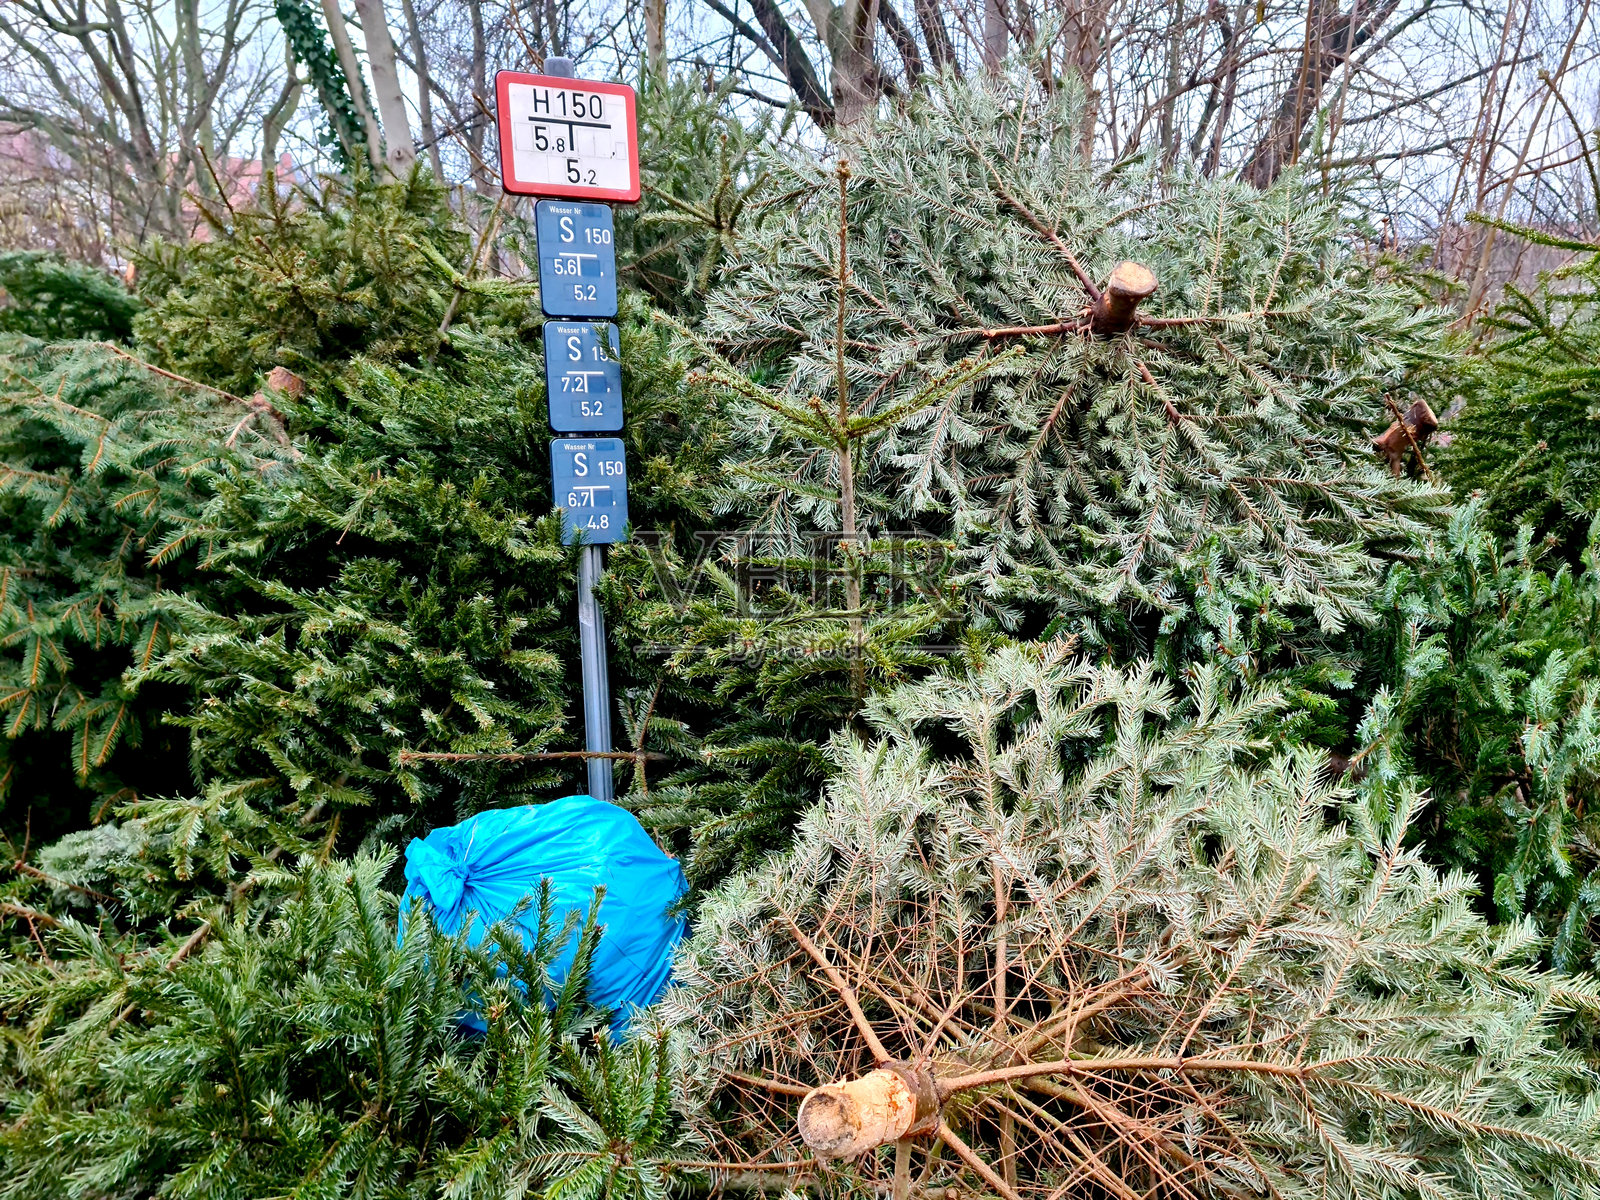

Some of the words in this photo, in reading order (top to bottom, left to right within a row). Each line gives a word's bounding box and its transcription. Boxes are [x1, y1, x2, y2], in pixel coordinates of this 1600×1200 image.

[549, 206, 572, 214] Wasser
[560, 216, 575, 243] S
[584, 228, 611, 244] 150
[557, 326, 579, 334] Wasser
[567, 336, 581, 361] S
[574, 452, 588, 476] S
[598, 461, 623, 476] 150

- **Action item**
Although the records hold pictures, return only what remains, word for word.

- **Solved problem**
Some of the words in this photo, in reading order (top to bottom, left to right within a row). Each line gives a word's bounding box and its transcription. Boxes are [x1, y1, x2, y2], in pixel coordinates of this 1600×1200 image.

[549, 206, 572, 214] Wasser
[560, 216, 575, 243] S
[584, 228, 611, 244] 150
[557, 326, 579, 334] Wasser
[567, 336, 581, 361] S
[574, 452, 588, 476] S
[598, 461, 623, 476] 150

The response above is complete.